Vecina acredita que a pandemia de Covid-19 só será vencida quando a cobertura vacinal se estender a todos os públicos e todos os países, e que para isso é necessário utilizar todos os imunizantes disponíveis e que tiveram sua segurança e eficácia comprovada – como é o caso da CoronaVac.

“Sem cobertura vacinal, o mundo não vai se livrar dessa doença, e a cobertura vacinal tem que ser feita com todas as vacinas disponíveis porque não tem produção mundial suficiente de uma única vacina. A CoronaVac se mostrou uma vacina eficaz e, provavelmente, de todas a mais segura. Nós deveríamos estar fazendo essas apostas”, ressaltou Vecina.

Dimas Covas também falou sobre o assunto, assinalando que o imunizante do Butantan e da Sinovac é a vacina mais usada do mundo, inclusive já tendo sido aplicada em um grande número de crianças e adolescentes com segurança.

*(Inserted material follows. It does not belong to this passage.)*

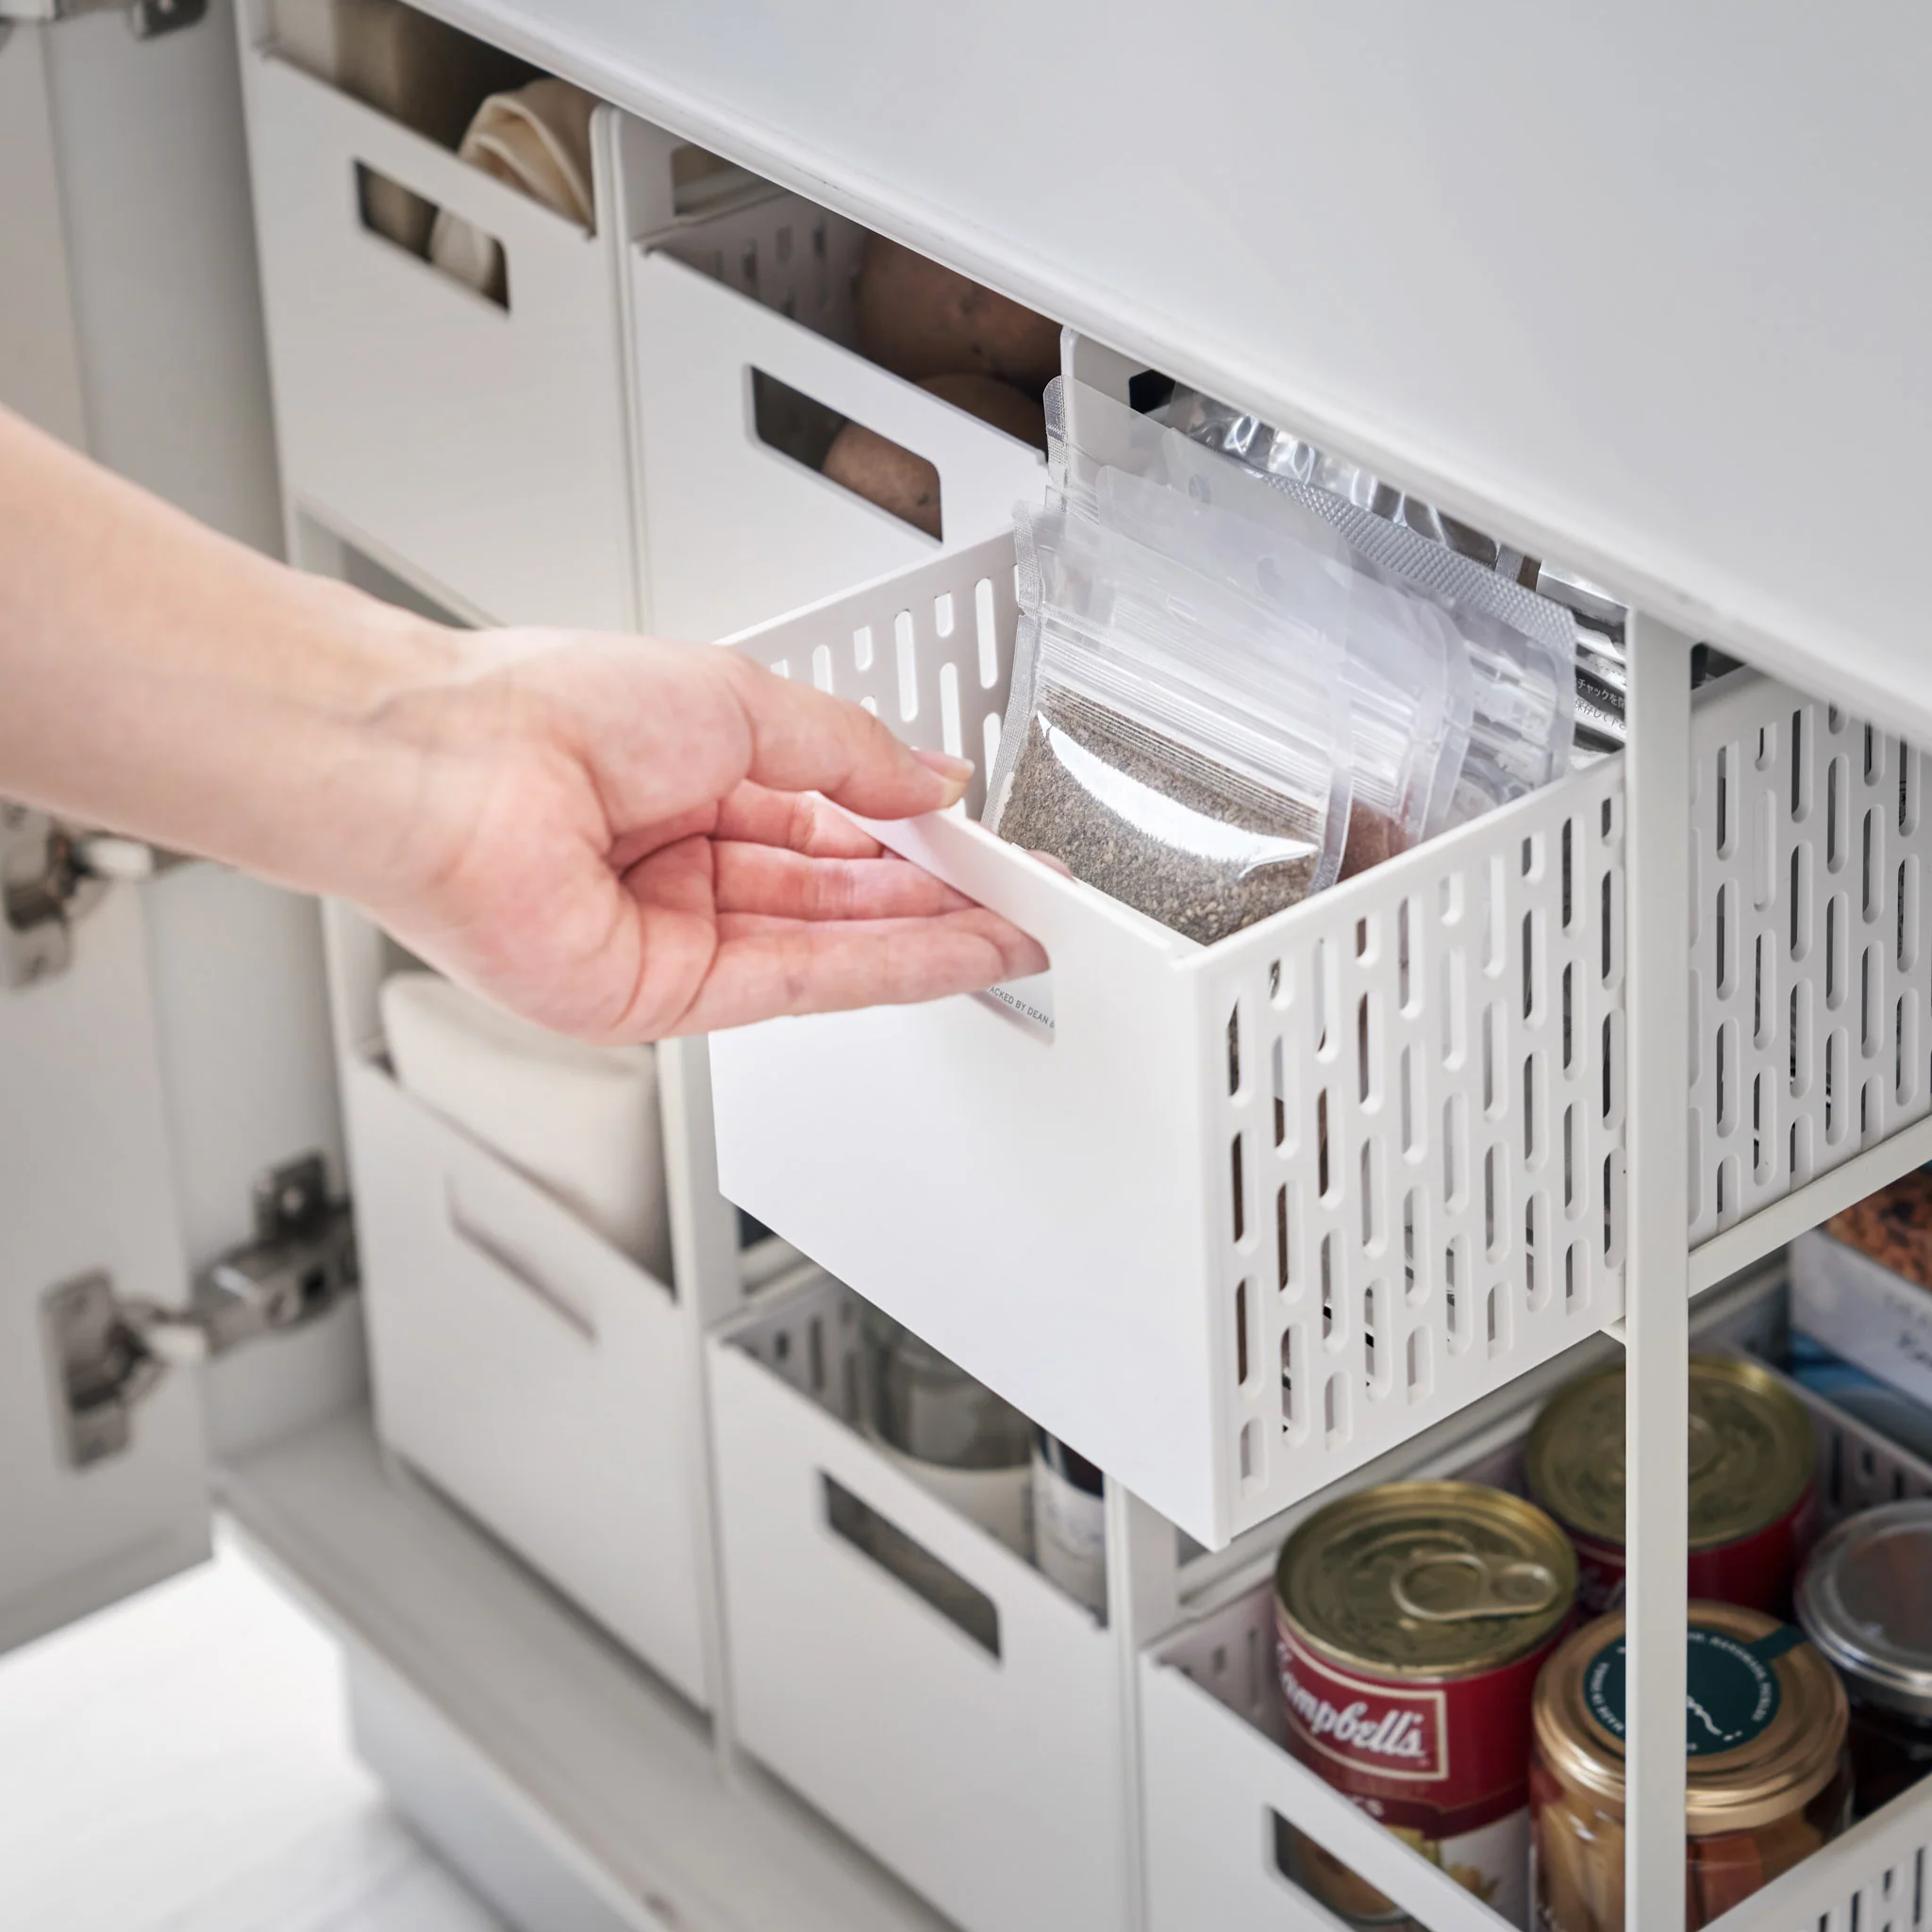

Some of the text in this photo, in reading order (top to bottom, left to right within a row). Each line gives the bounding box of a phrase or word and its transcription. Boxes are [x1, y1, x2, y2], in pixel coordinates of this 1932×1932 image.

“Somente na China, 84 milhões de crianças e adolescentes já foram vacinadas e o governo chinês anunciou que a população de crianças de três até 17 anos será totalmente vacinada até o final do ano”, lembrou ele.

De acordo com Dimas, esse é um movimento que se estende para vários países que já estão com a vacinação adiantada, inclusive aqui na América do Sul: o Chile já está vacinando desde setembro, o Equador já iniciou a campanha de vacinação de crianças a partir de três anos. “É uma necessidade. É uma população a ser vacinada”, completou o presidente do Butantan.